◆ Exercise instructions
In the answer, each line must appear exactly as in the records, and no picture may appear.

◆ Records from a collection
+++

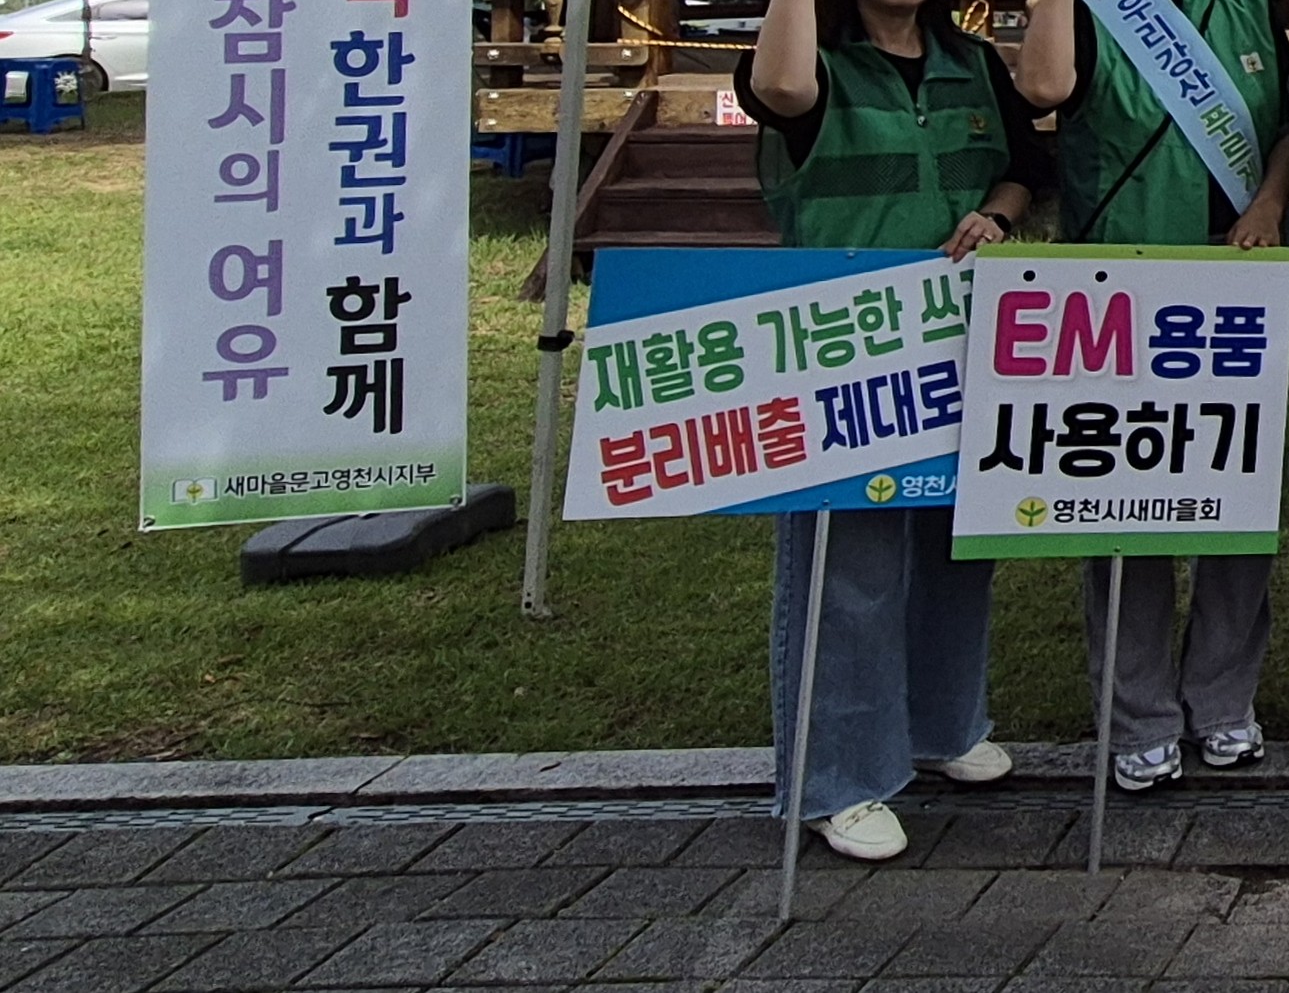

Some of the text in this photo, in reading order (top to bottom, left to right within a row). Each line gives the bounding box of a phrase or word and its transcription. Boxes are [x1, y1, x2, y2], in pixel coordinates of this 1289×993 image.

[328, 31, 414, 254] 한권과
[202, 243, 288, 401] 여유
[323, 276, 411, 434] 함께
[588, 320, 746, 411] 재활용
[757, 289, 903, 372] 가능한
[994, 290, 1268, 379] EM 용품
[224, 463, 436, 497] 새마을문고영천시지부
[598, 360, 962, 506] 분리배출 제대로
[978, 402, 1261, 477] 사용하기
[1053, 498, 1221, 524] 영천시새마을회
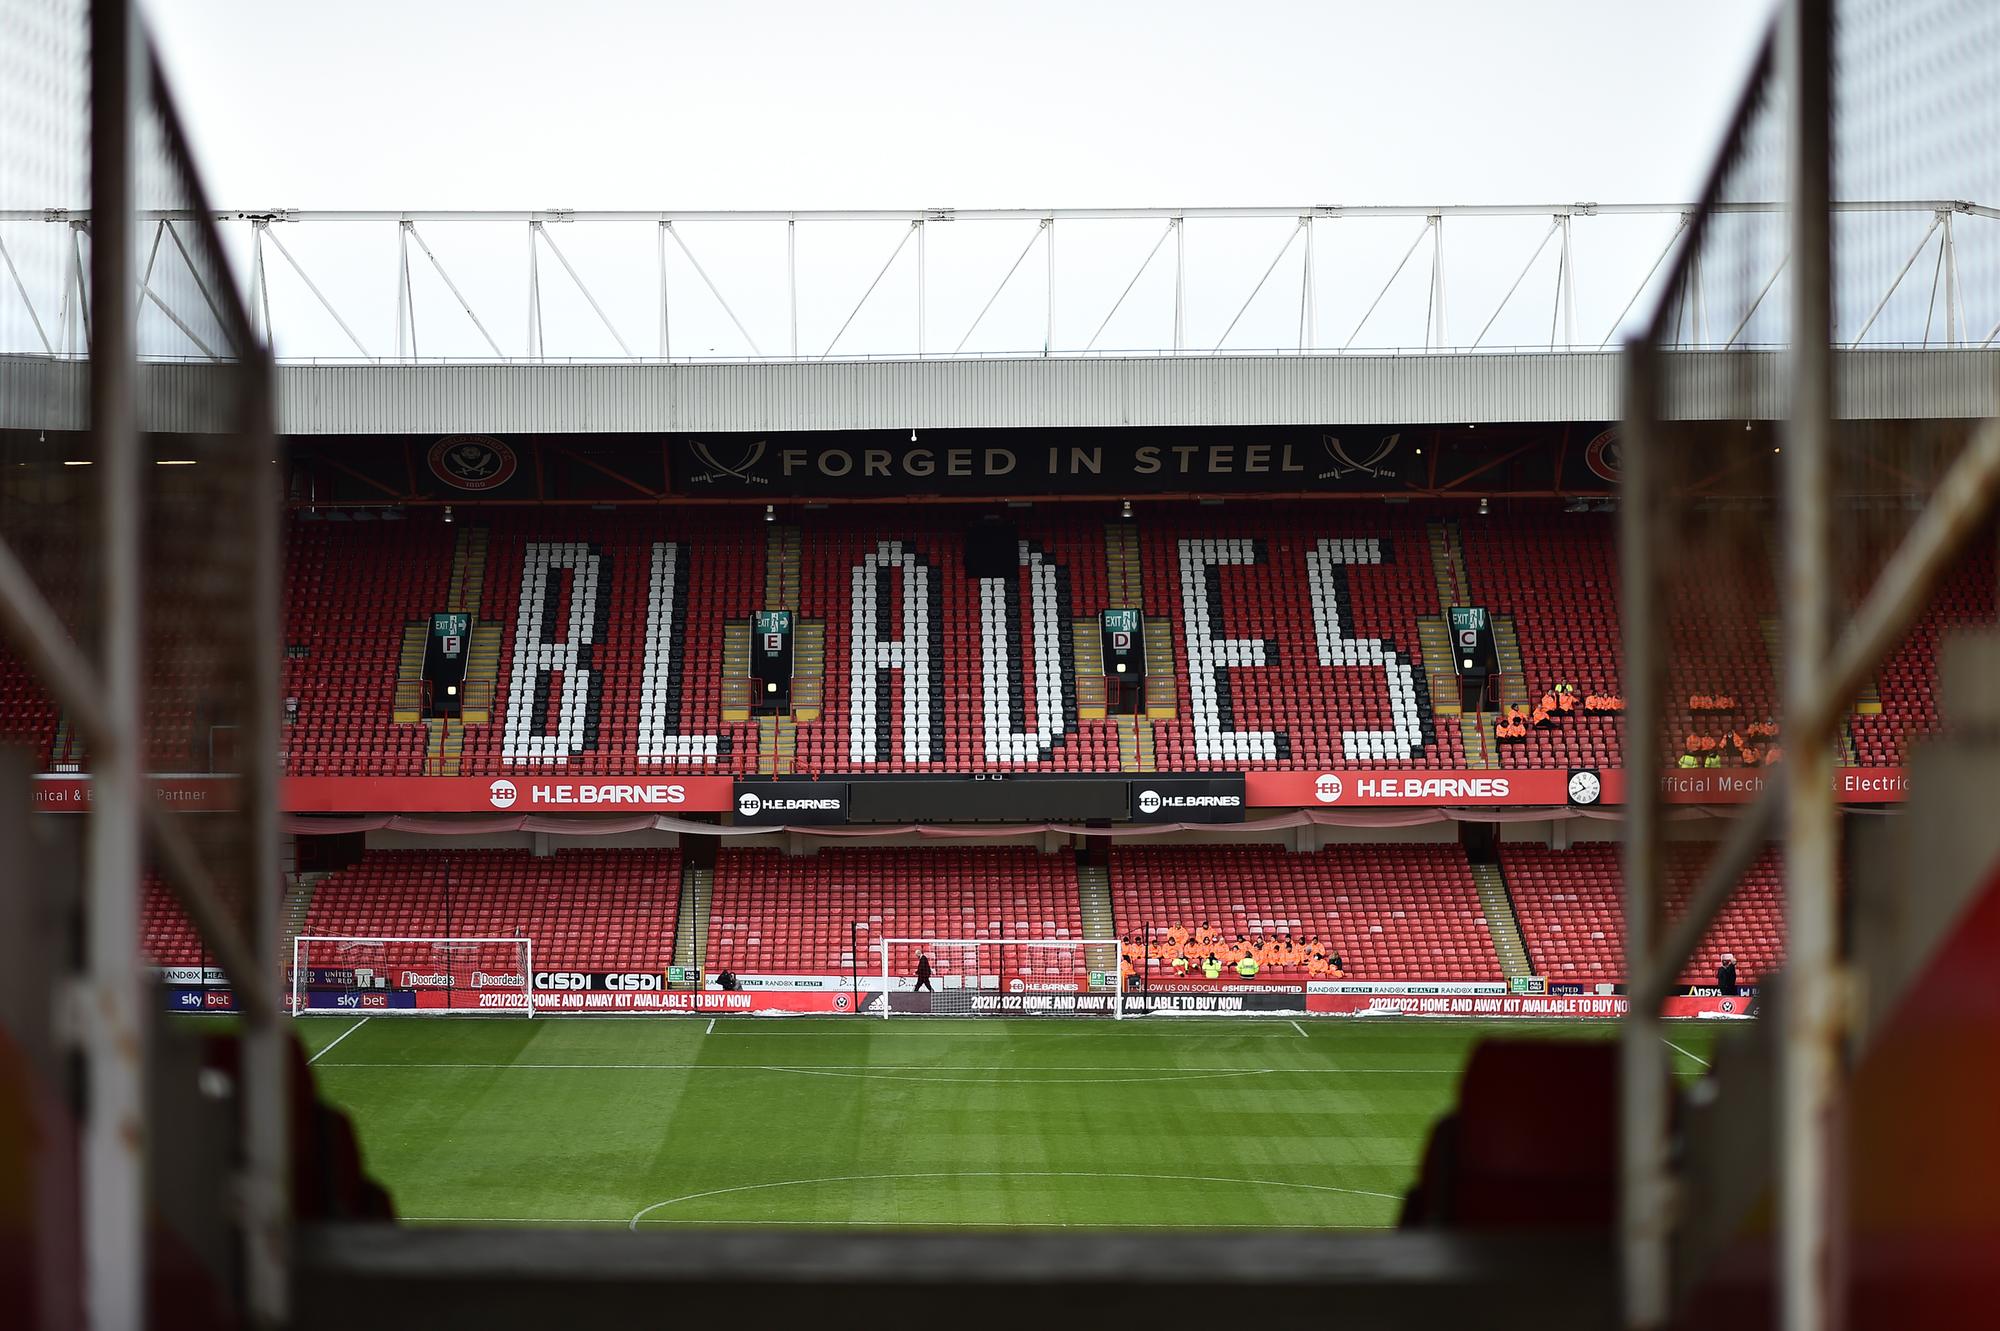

+++

◆ Response to the exercise
Some of the text in this photo, in reading order (top to bottom, left to right within a row). Each line gives the bounding box of a phrase or word and its transcription. Boxes are [x1, y1, x2, y2], in pixel coordinates of this 1289×993 image.

[328, 31, 414, 254] 한권과
[202, 243, 288, 401] 여유
[323, 276, 411, 434] 함께
[588, 320, 746, 411] 재활용
[757, 289, 903, 372] 가능한
[994, 290, 1268, 379] EM 용품
[224, 463, 436, 497] 새마을문고영천시지부
[598, 360, 962, 506] 분리배출 제대로
[978, 402, 1261, 477] 사용하기
[1053, 498, 1221, 524] 영천시새마을회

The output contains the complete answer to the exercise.